EXERCISE MATERIALS:
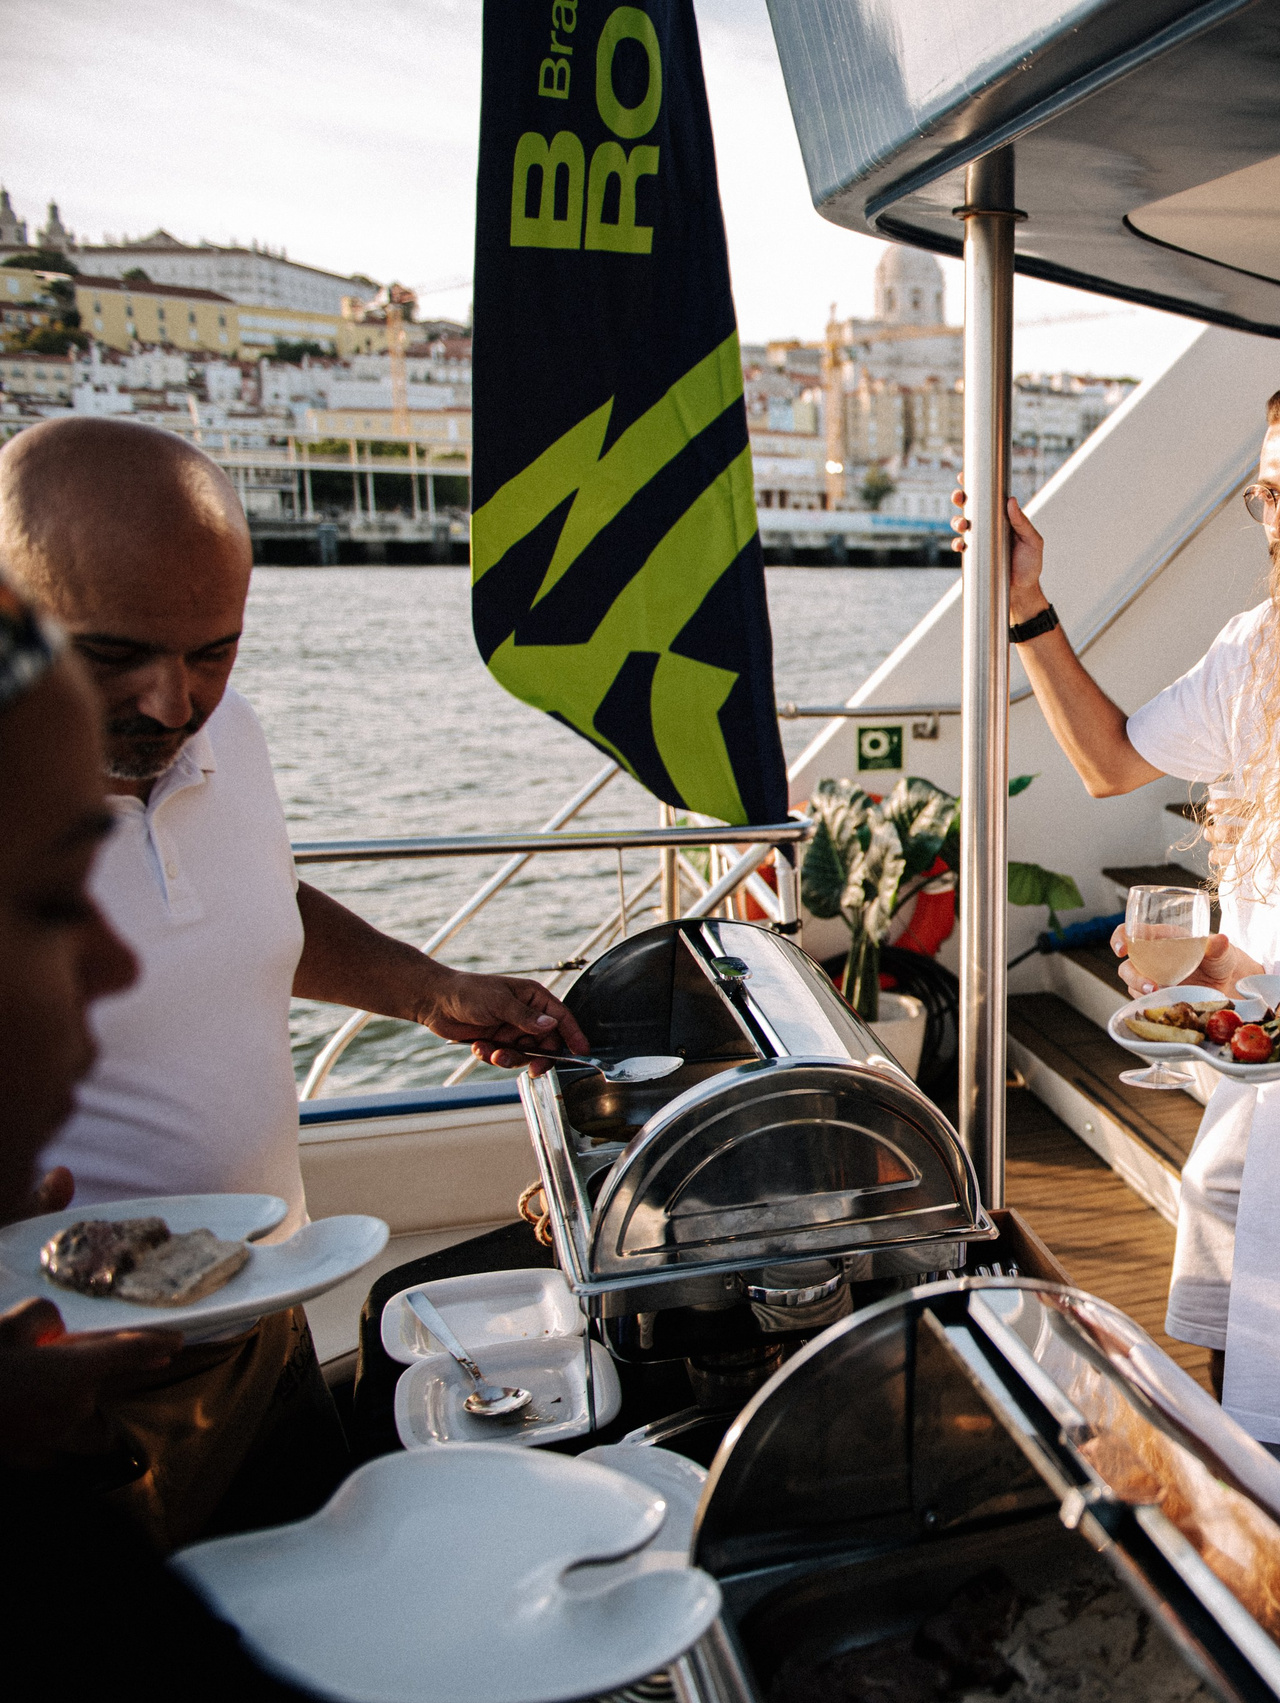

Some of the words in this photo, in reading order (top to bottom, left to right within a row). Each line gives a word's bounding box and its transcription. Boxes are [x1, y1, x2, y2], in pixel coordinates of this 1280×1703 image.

[538, 0, 579, 100] Bra
[584, 5, 662, 254] RO
[509, 130, 585, 250] B
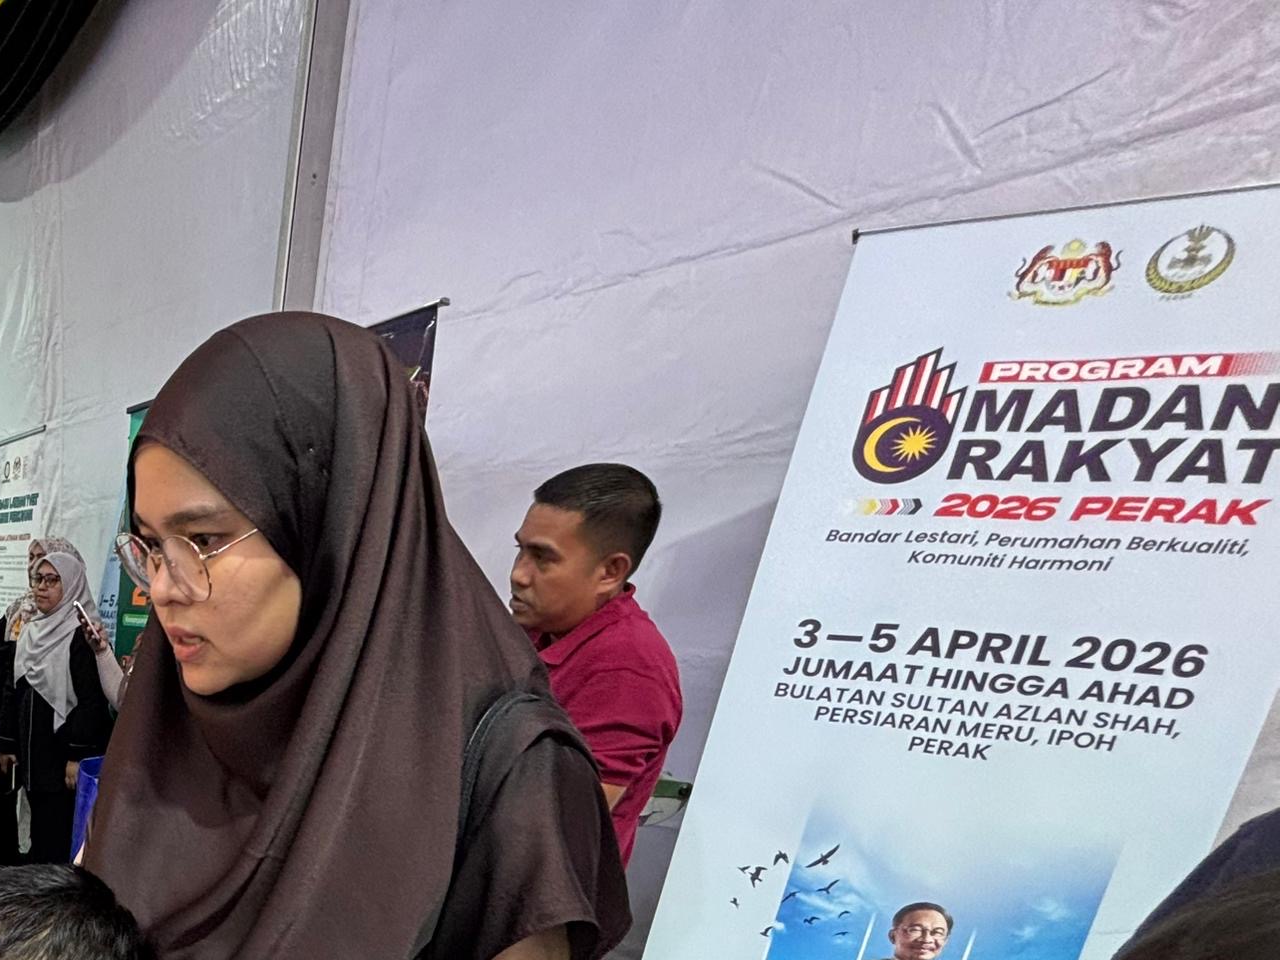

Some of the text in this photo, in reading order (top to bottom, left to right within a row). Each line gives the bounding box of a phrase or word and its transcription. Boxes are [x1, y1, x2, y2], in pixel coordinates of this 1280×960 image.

WORK INSTRUCTIONS: Omit any images, then output the listing exactly.

RESULT OF THIS TASK:
Some of the words in this photo, in reading order (top to bottom, left to right within a row). Each line gives a word's bounding box and its transcription. Boxes are [x1, y1, x2, y2], in pixel coordinates of this 1280×1703 image.

[538, 0, 579, 100] Bra
[584, 5, 662, 254] RO
[509, 130, 585, 250] B

Some of the text in this photo, in reading order (top to bottom, left to right within a row). Each line gives the bounding box of a phrase or word and its transcription. Boxes are [x1, y1, x2, y2], in pixel coordinates of this 1280×960 image.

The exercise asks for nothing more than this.